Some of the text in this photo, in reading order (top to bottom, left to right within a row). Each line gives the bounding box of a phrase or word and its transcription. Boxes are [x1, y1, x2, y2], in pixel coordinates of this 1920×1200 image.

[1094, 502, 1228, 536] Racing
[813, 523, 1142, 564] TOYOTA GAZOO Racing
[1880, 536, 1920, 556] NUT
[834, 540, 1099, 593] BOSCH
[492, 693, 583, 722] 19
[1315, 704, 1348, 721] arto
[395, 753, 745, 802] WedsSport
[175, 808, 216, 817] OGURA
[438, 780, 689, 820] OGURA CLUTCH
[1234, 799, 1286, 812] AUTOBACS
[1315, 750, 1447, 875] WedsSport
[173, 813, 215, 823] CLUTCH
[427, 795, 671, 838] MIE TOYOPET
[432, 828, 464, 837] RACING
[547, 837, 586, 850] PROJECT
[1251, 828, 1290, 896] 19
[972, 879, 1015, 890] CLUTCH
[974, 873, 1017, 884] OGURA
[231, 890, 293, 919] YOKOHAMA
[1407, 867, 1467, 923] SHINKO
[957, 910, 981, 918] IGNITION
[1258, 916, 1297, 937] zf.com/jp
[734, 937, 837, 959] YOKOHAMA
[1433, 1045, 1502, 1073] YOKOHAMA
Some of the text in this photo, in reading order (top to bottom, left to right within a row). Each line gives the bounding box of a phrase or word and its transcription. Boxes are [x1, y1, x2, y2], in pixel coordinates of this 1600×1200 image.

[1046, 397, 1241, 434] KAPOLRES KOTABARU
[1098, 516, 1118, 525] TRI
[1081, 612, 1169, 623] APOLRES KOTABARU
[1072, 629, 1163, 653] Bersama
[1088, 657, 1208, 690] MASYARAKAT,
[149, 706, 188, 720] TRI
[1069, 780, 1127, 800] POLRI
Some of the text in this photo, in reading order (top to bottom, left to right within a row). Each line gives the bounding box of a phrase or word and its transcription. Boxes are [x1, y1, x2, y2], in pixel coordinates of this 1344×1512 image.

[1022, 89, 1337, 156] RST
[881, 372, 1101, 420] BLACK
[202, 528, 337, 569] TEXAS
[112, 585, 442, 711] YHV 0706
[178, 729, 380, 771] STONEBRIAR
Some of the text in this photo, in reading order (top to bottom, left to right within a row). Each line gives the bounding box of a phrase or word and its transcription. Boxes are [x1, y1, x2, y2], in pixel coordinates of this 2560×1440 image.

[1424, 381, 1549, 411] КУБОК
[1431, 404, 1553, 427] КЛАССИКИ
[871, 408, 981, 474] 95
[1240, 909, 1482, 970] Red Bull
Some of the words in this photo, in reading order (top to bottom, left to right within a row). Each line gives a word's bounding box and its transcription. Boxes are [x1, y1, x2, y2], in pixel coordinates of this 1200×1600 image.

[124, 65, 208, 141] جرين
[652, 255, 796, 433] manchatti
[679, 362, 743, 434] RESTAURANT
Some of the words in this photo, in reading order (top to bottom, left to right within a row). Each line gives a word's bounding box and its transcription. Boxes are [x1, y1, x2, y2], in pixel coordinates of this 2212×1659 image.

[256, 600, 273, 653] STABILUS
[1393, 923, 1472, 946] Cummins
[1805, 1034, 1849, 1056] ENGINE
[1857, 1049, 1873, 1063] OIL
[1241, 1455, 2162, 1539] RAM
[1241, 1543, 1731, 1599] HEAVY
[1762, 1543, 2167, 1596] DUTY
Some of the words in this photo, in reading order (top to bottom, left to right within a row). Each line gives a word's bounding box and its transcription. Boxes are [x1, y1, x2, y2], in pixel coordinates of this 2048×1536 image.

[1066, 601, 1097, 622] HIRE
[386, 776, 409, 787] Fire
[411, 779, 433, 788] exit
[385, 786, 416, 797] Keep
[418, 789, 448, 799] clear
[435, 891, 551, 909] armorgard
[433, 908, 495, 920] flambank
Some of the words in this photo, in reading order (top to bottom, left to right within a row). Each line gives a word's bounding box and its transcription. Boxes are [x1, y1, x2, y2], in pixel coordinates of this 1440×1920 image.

_ _ _ _ _ _ _

[TASK DIRECTIONS] Copy each entry exactly, with nothing added or dropped.

[ANSWER]
Some of the text in this photo, in reading order (top to bottom, left to right within a row). Each line gives the bounding box of a phrase or word and its transcription. Boxes are [x1, y1, x2, y2], in pixel coordinates of this 1920×1200 image.

[1094, 502, 1228, 536] Racing
[813, 523, 1142, 564] TOYOTA GAZOO Racing
[1880, 536, 1920, 556] NUT
[834, 540, 1099, 593] BOSCH
[492, 693, 583, 722] 19
[1315, 704, 1348, 721] arto
[395, 753, 745, 802] WedsSport
[175, 808, 216, 817] OGURA
[438, 780, 689, 820] OGURA CLUTCH
[1234, 799, 1286, 812] AUTOBACS
[1315, 750, 1447, 875] WedsSport
[173, 813, 215, 823] CLUTCH
[427, 795, 671, 838] MIE TOYOPET
[432, 828, 464, 837] RACING
[547, 837, 586, 850] PROJECT
[1251, 828, 1290, 896] 19
[972, 879, 1015, 890] CLUTCH
[974, 873, 1017, 884] OGURA
[231, 890, 293, 919] YOKOHAMA
[1407, 867, 1467, 923] SHINKO
[957, 910, 981, 918] IGNITION
[1258, 916, 1297, 937] zf.com/jp
[734, 937, 837, 959] YOKOHAMA
[1433, 1045, 1502, 1073] YOKOHAMA
Some of the text in this photo, in reading order (top to bottom, left to right within a row). Each line gives the bounding box of a phrase or word and its transcription. Boxes are [x1, y1, x2, y2], in pixel coordinates of this 1600×1200 image.

[1046, 397, 1241, 434] KAPOLRES KOTABARU
[1098, 516, 1118, 525] TRI
[1081, 612, 1169, 623] APOLRES KOTABARU
[1072, 629, 1163, 653] Bersama
[1088, 657, 1208, 690] MASYARAKAT,
[149, 706, 188, 720] TRI
[1069, 780, 1127, 800] POLRI
Some of the text in this photo, in reading order (top to bottom, left to right within a row). Each line gives the bounding box of a phrase or word and its transcription. Boxes are [x1, y1, x2, y2], in pixel coordinates of this 1344×1512 image.

[1022, 89, 1337, 156] RST
[881, 372, 1101, 420] BLACK
[202, 528, 337, 569] TEXAS
[112, 585, 442, 711] YHV 0706
[178, 729, 380, 771] STONEBRIAR
Some of the text in this photo, in reading order (top to bottom, left to right within a row). Each line gives the bounding box of a phrase or word and its transcription. Boxes are [x1, y1, x2, y2], in pixel coordinates of this 2560×1440 image.

[1424, 381, 1549, 411] КУБОК
[1431, 404, 1553, 427] КЛАССИКИ
[871, 408, 981, 474] 95
[1240, 909, 1482, 970] Red Bull
Some of the words in this photo, in reading order (top to bottom, left to right within a row). Each line gives a word's bounding box and its transcription. Boxes are [x1, y1, x2, y2], in pixel coordinates of this 1200×1600 image.

[124, 65, 208, 141] جرين
[652, 255, 796, 433] manchatti
[679, 362, 743, 434] RESTAURANT
Some of the words in this photo, in reading order (top to bottom, left to right within a row). Each line gives a word's bounding box and its transcription. Boxes are [x1, y1, x2, y2], in pixel coordinates of this 2212×1659 image.

[256, 600, 273, 653] STABILUS
[1393, 923, 1472, 946] Cummins
[1805, 1034, 1849, 1056] ENGINE
[1857, 1049, 1873, 1063] OIL
[1241, 1455, 2162, 1539] RAM
[1241, 1543, 1731, 1599] HEAVY
[1762, 1543, 2167, 1596] DUTY
Some of the words in this photo, in reading order (top to bottom, left to right within a row). Each line gives a word's bounding box and its transcription. Boxes are [x1, y1, x2, y2], in pixel coordinates of this 2048×1536 image.

[1066, 601, 1097, 622] HIRE
[386, 776, 409, 787] Fire
[411, 779, 433, 788] exit
[385, 786, 416, 797] Keep
[418, 789, 448, 799] clear
[435, 891, 551, 909] armorgard
[433, 908, 495, 920] flambank
Some of the words in this photo, in reading order (top to bottom, left to right within a row). Each line gives a word's bounding box and its transcription. Boxes are [x1, y1, x2, y2], in pixel coordinates of this 1440×1920 image.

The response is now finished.